→ **Task directions**:
Each entry below should appear again exactly as written, without pictures.

→ **Given records**:
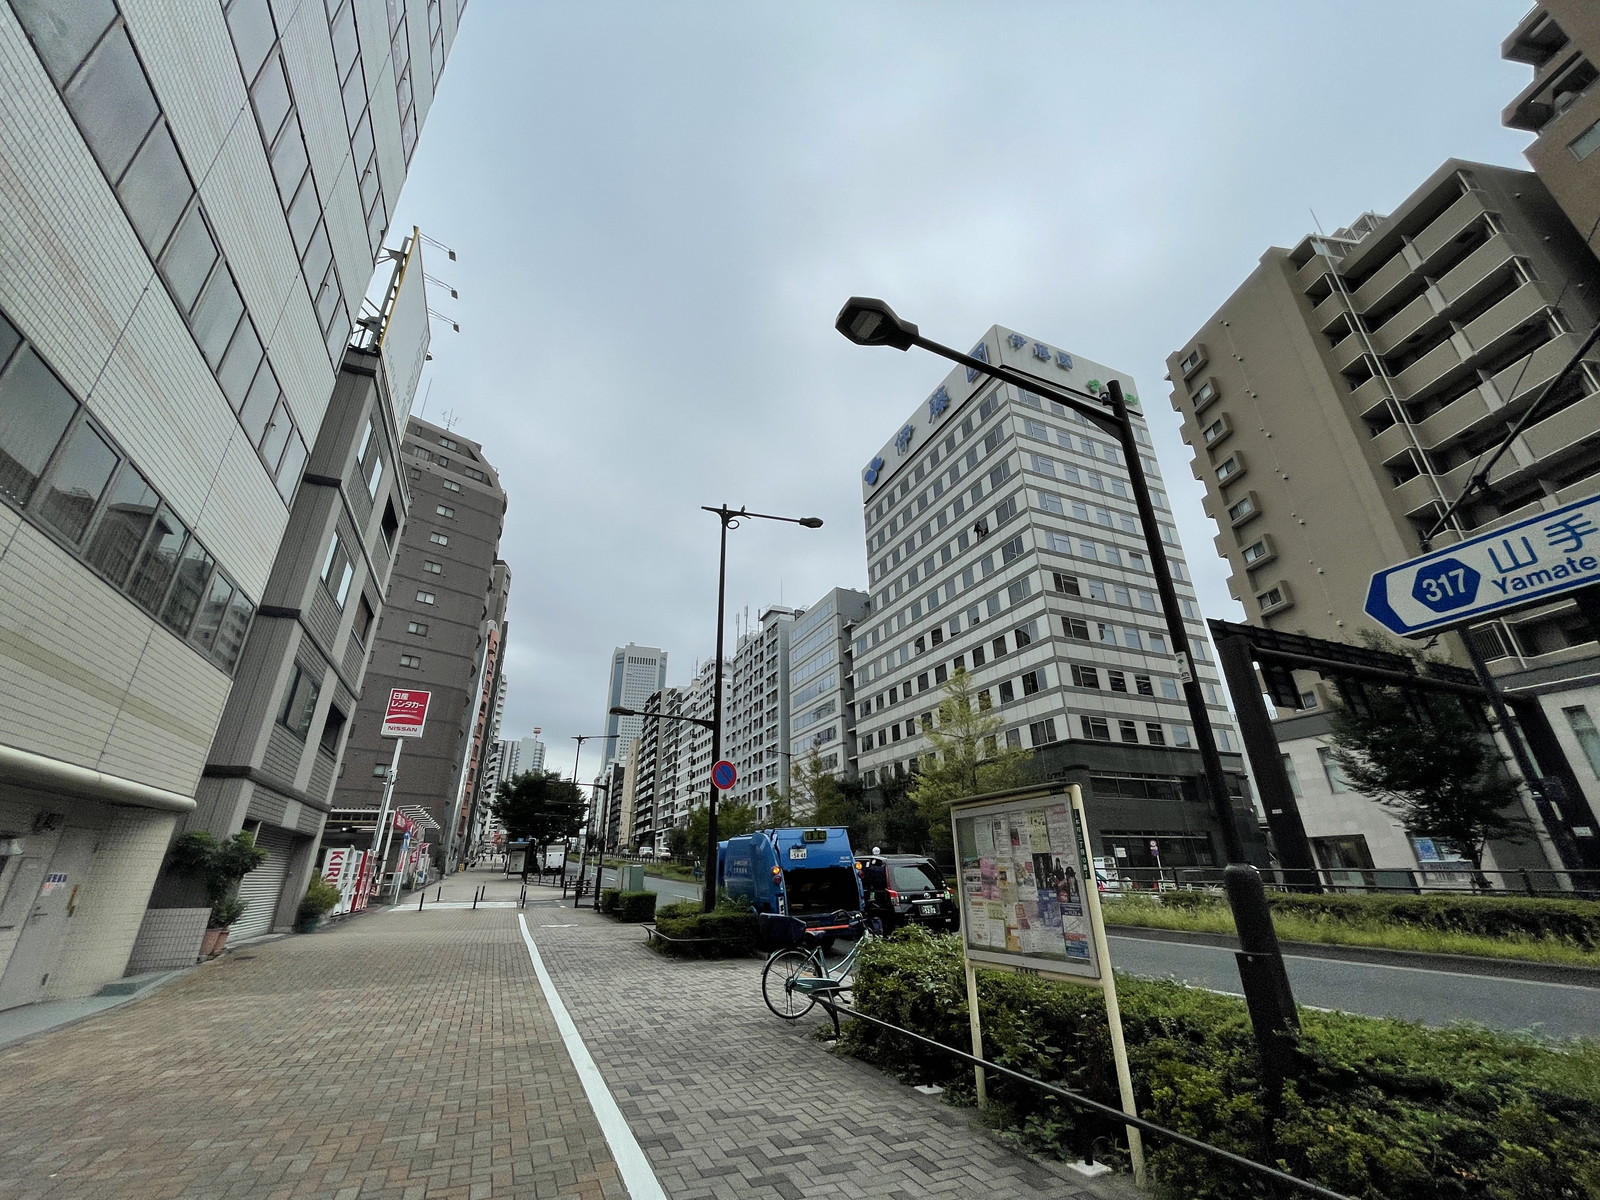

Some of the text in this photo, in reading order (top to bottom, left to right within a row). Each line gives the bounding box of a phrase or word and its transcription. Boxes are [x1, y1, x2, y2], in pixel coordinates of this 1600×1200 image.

[1488, 512, 1599, 574] 山手
[1422, 568, 1466, 603] 317
[1491, 556, 1598, 595] Yamate
[391, 700, 425, 709] レンタカー
[392, 692, 409, 701] 日産
[387, 725, 418, 733] NISSAN

→ **Completed exercise**:
Some of the text in this photo, in reading order (top to bottom, left to right within a row). Each line gives the bounding box of a phrase or word and its transcription. Boxes are [x1, y1, x2, y2], in pixel coordinates of this 1600×1200 image.

[1488, 512, 1599, 574] 山手
[1422, 568, 1466, 603] 317
[1491, 556, 1598, 595] Yamate
[391, 700, 425, 709] レンタカー
[392, 692, 409, 701] 日産
[387, 725, 418, 733] NISSAN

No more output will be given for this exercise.